Supreme Court Decisions
involving "other health impaired"
Classified Students

 

Recent Supreme Court decisions have made it easier to state a case for nursing and therapy services for the health impaired child
                        

 

The 1999 United States Supreme Court ruling in Cedar Rapids Community School District v. Garret F., No. 96—1793 held that the Individuals with Disabilities Education Act (IDEA) requires school districts to provide nursing services when such supportive services are necessary in order for students to access and benefit from their educational program no matter what the cost.

 

Garret F. is a clear directive to school districts to provide school nursing services to students who need those services in order to attend school and benefit from their education, whether these are one-on-one all-day services, intermittent services, or direct or indirect services for any part of the day or week.

Some students with disabilities and/or chronic and acute health concerns require specialized health services to insure their inclusion in education programs and their safety in the school environment.
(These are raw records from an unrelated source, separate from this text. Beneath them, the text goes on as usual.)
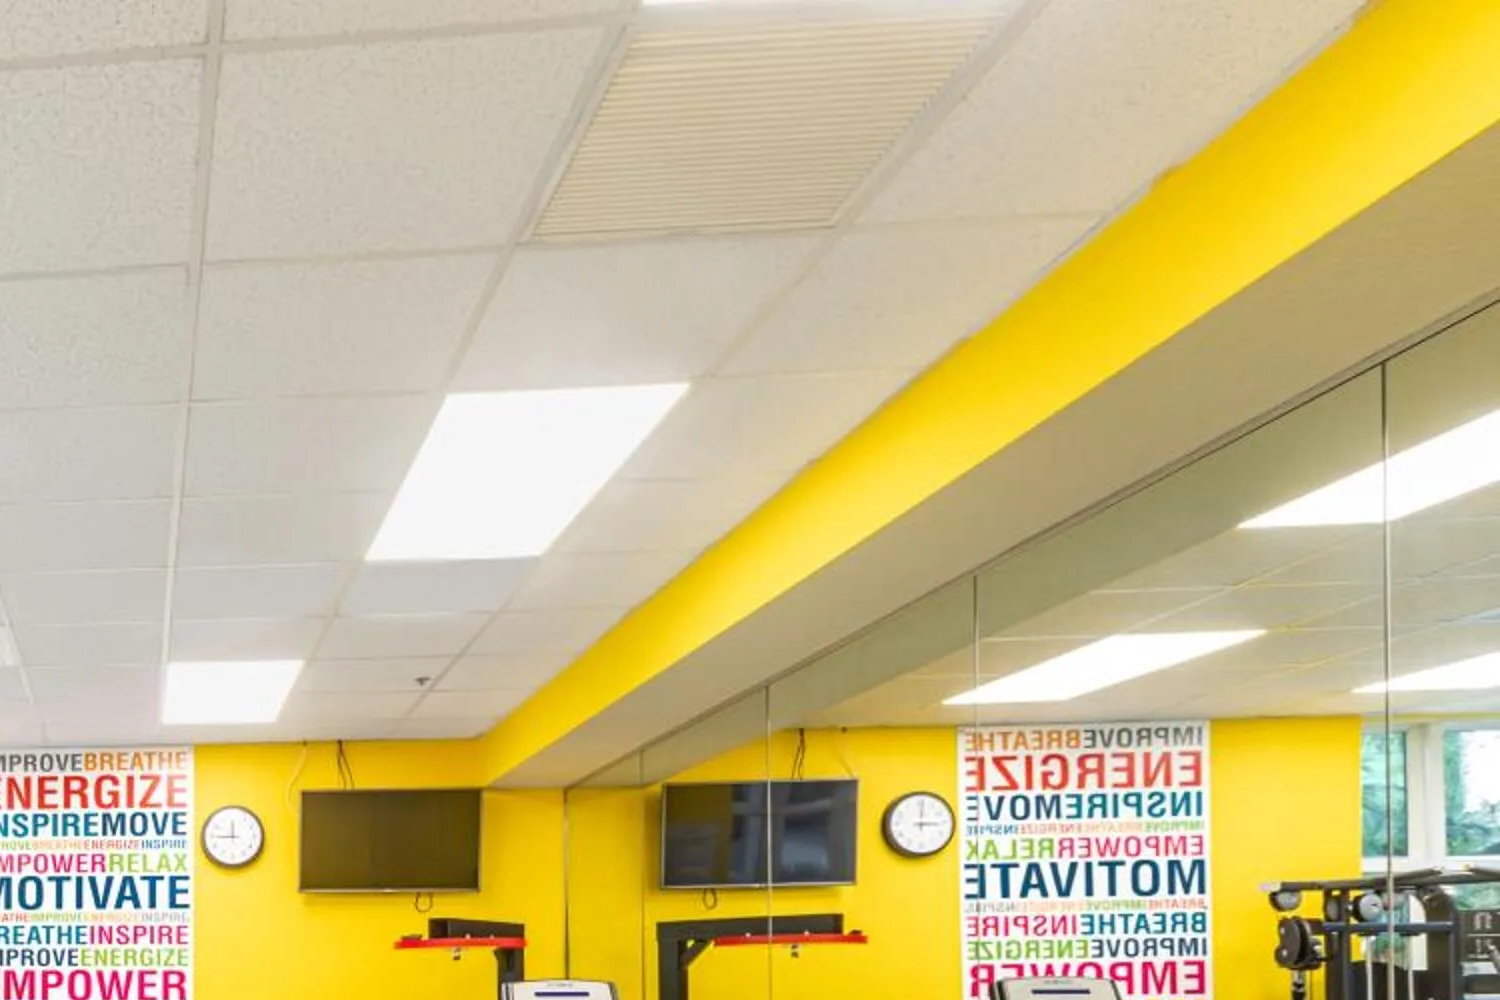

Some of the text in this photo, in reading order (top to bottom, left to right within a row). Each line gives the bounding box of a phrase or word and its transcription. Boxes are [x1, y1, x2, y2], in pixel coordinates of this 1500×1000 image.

[84, 751, 187, 772] BREATHE
[101, 811, 187, 837] MOVE
[108, 853, 188, 873] RELAX
[90, 925, 189, 945] INSPIRE
[80, 948, 189, 967] ENERGIZE
These services may include the nursing skills of medication administration, developing accommodations and action plans to care for complex procedures such as insulin administration, respiratory care, respiratory or oxygen therapy, nebulized medications or administration of intravenous medications.

 

The 2007 United States Supreme Court ruling in
Winkelman v. Parma City School District, 05-983
held that parents need not hire a lawyer to sue public school districts
over their children's special education needs.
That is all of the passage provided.